当前位置：网站首页>B+ tree | MySQL index usage principle

B+ tree | MySQL index usage principle

2022-06-29 13:20:00 【Full stack programmer webmaster】

‘’MYSQL I haven't known much , Written before sql Before preparing to submit the production environment , The old staff helped me check sql, Let me modify the storage engine , I was using Myisam, Change the back to InnoDB 了 . Why change it to this , I've never heard of a storage engine before , So I checked it online .

In fact, using different storage engines is also very different , The following ape friends can learn about .

One 、 Comparison of storage engines

notes ： As mentioned above B The tree index does not indicate that B-Tree and B+Tree Indexes , however B- Trees and B+ The definition of a tree is different .
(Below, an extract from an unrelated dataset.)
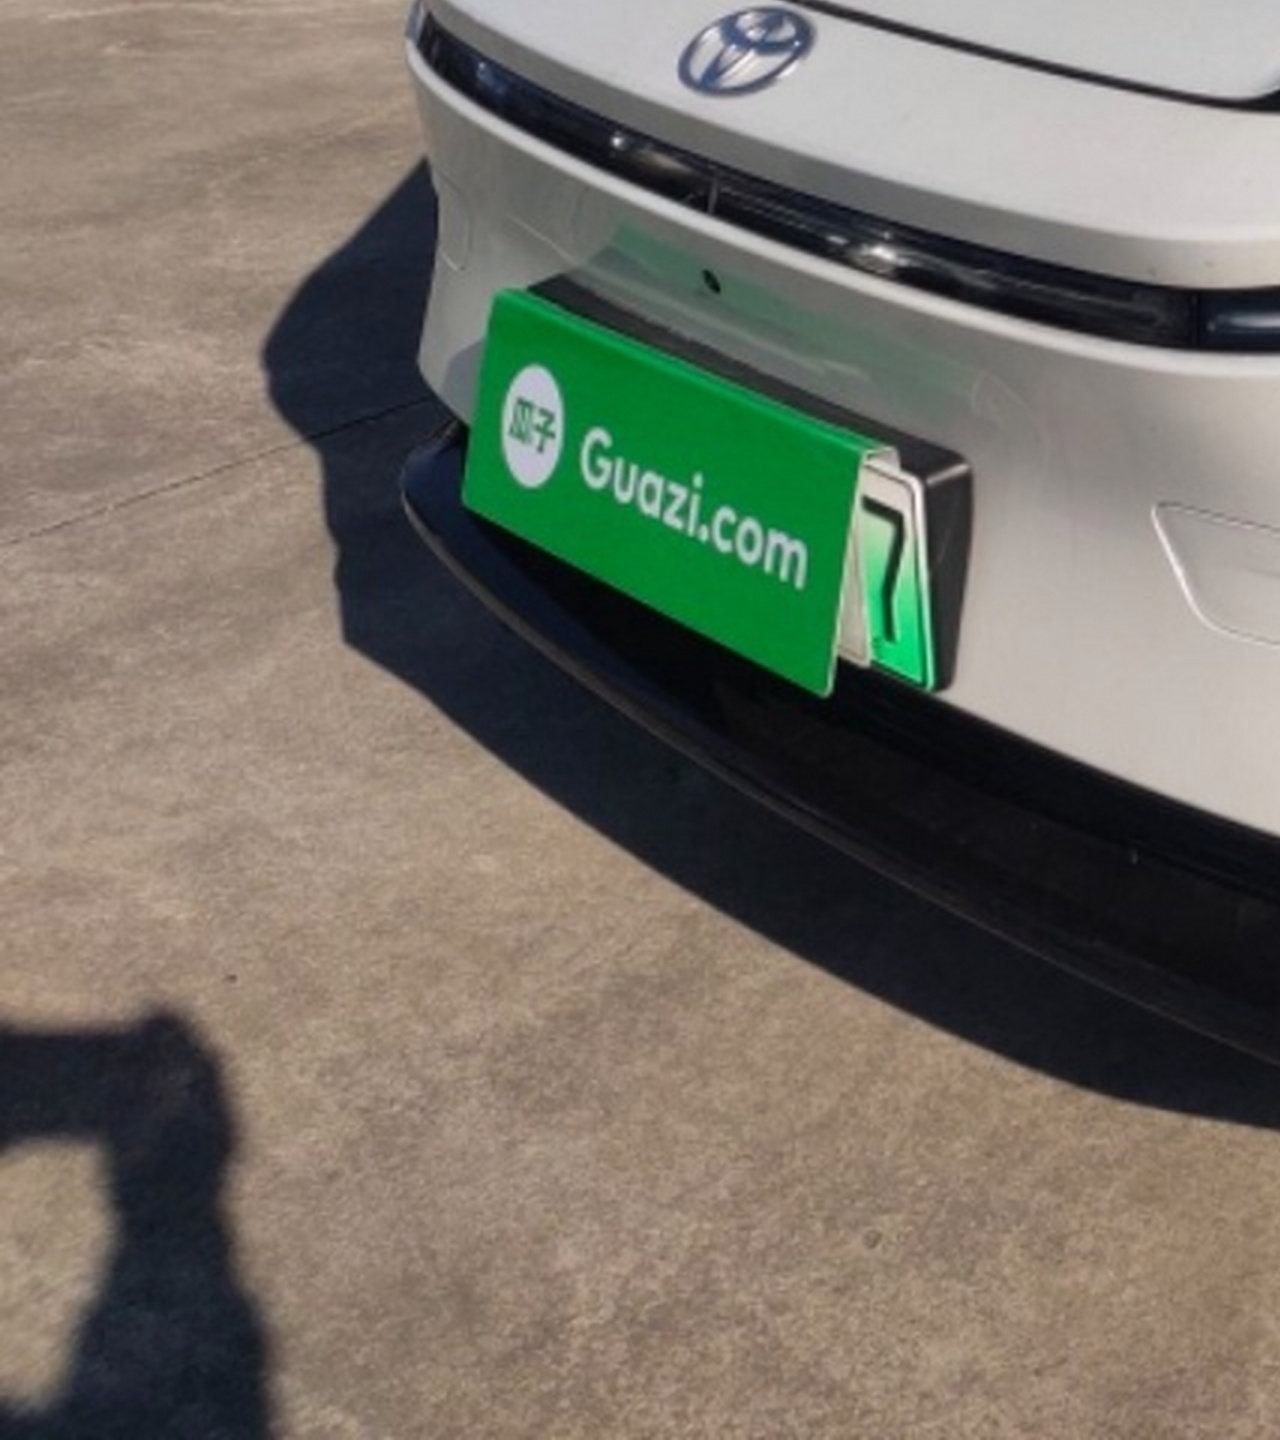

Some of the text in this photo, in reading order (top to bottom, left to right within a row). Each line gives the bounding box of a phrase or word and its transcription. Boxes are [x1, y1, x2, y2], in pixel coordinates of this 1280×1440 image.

stay MySQL in , There are four main types of indexes , Respectively ： B-Tree Indexes , Hash Indexes , Fulltext Index and R-Tree Indexes .

B-Tree The index is MySQL The most frequently used index type in a database , except Archive All storage engines other than storage engines support B-Tree Indexes .Archive Engine until MySQL 5.1 Index is supported , And only a single index is supported AUTO_INCREMENT Column .

It's not just MySQL That's true in China , In fact, in many other DBMS B-Tree Index is also the most important index type , This is mainly because B-Tree The storage structure of index has excellent performance in data retrieval of database .

Generally speaking , MySQL Medium B-Tree Most of the physical files indexed are based on Balance Tree To store , That is to say, all the data actually needed are stored in Tree Of Leaf Node( Leaf node ) , And to any one of them Leaf Node The length of the shortest path is exactly the same , So we all call it B-Tree Indexes . Of course , Maybe all kinds of databases （ or MySQL All kinds of storage engines ） I'm storing my own B-Tree When indexing, the storage structure will be slightly modified . Such as Innodb Storage engine B-Tree The storage structure that the index actually uses is actually B+Tree, That is to say B-Tree On the basis of data structure, we have made a very small transformation , In every one of them Leaf Node Besides the information about storing index keys , It also stores points to the Leaf Node The next one next to each other LeafNode Pointer information for （ Added sequential access pointer ）, This is mainly to speed up the retrieval of multiple adjacent Leaf Node Efficiency considerations .

InnoDB yes Mysql The default storage engine for (Mysql5.5.5 It used to be MyISAM）

It may be very difficult for ape friends who have not known the index to read this article like this , This kind of ape friend needs to be right first Mysql The index has a general understanding , Take a look at another article by Xiaobao pigeon ： Database query optimization ——Mysql Indexes . After reading this article, let's go back to the text above .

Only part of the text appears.